Seeming… is believing
Your ability to sell doesn’t depend on how good a copywriter you are, or how sharp your marketing strategy is.
You can write copy as smoothly as Michael Phelps glides through the water, but If your prospects don’t BELIEVE what you’re saying, you’ll never even sell one thin dime’s worth of goods and services.
Being believed is actually more important, in essence, than being truthful and accurate.
So for example, sometimes you’ll need to understate your results, because they just seem too good to be true. For instance, one time I had a client who claimed he could teach someone how to hypnotize someone in less than 10 minutes.
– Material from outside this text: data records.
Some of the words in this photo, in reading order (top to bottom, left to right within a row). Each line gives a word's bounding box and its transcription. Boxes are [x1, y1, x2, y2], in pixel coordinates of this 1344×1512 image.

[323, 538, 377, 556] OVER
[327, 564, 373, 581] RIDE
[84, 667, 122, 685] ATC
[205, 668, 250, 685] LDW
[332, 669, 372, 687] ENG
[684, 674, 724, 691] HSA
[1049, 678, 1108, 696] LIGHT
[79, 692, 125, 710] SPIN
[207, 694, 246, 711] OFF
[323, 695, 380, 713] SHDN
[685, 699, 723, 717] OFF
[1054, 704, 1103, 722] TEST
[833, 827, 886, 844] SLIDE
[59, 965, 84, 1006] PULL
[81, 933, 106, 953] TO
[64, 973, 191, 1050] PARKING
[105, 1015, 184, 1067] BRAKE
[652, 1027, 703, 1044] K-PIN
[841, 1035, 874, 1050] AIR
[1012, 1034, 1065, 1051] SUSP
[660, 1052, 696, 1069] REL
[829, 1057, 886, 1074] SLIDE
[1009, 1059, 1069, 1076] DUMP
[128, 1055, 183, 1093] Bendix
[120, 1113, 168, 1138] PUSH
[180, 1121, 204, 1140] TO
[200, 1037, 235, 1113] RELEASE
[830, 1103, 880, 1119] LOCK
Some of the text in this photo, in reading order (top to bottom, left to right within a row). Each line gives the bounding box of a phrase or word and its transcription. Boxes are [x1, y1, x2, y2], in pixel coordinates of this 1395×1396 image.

I suggested that in his copy, he extend this time out to somewhere between 25 and 30 minutes. In other words, “Learn Self-Hypnosis In 30 Minutes Or Less, Guaranteed!” is much more believable than “Self-Hypnosis In Ten Minutes.”
Another one — last year, around this time, I went on a diet and lost 14.5 pounds in two weeks. Now as someone who’s always had to work hard to keep the weight off, if you told me this would happen, I’d never believe you. Heck, I still can’t believe it and it actually DID happen!
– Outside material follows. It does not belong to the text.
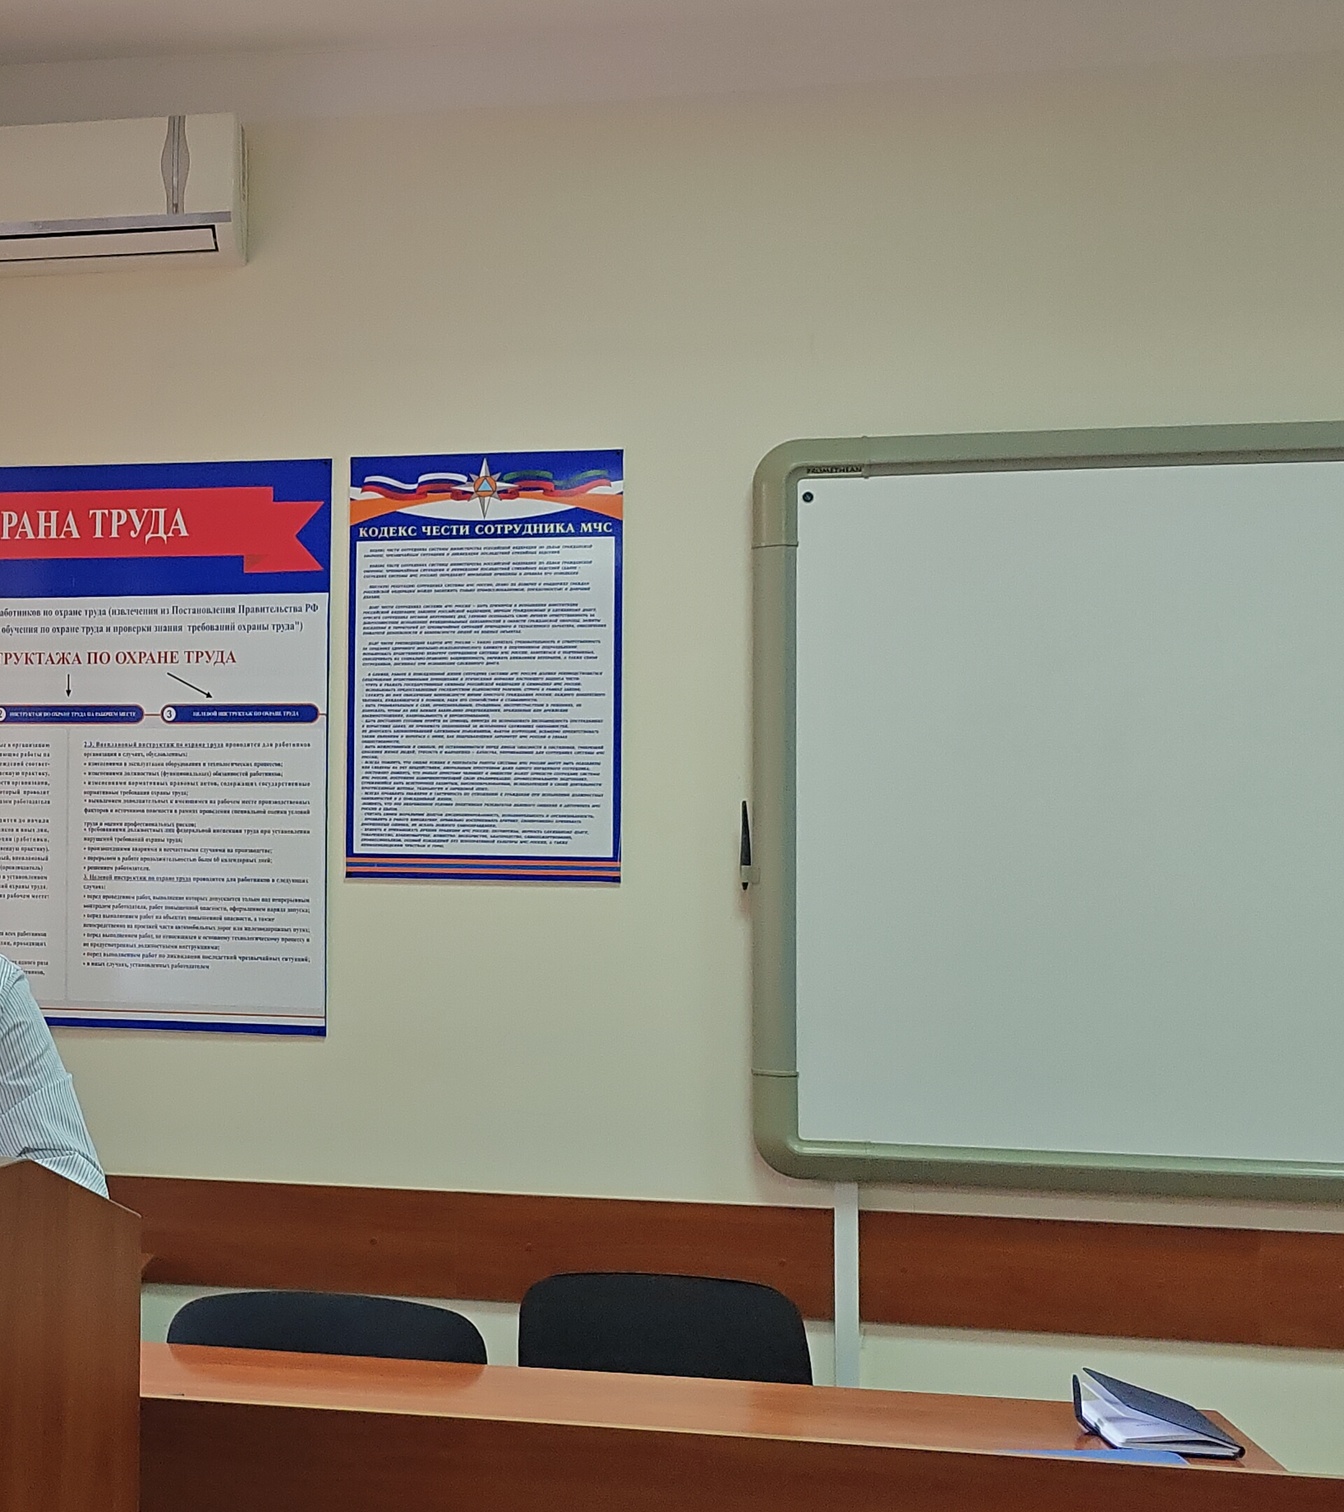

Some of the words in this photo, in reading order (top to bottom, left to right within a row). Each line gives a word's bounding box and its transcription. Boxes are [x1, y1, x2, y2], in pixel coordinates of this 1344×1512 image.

So if I were to write copy for this, I’d probably tone this down a bit and not make such a big claim, simply because it wouldn’t SEEM true.
Remember, when you’re trying to sell something, “seeming”… is believing.
You want to think about how the claims you’re making look from the other side of the desk, and then consider whether you need to adjust them downward. And of course, always make sure you back up your claims with third-party evidence and specific data.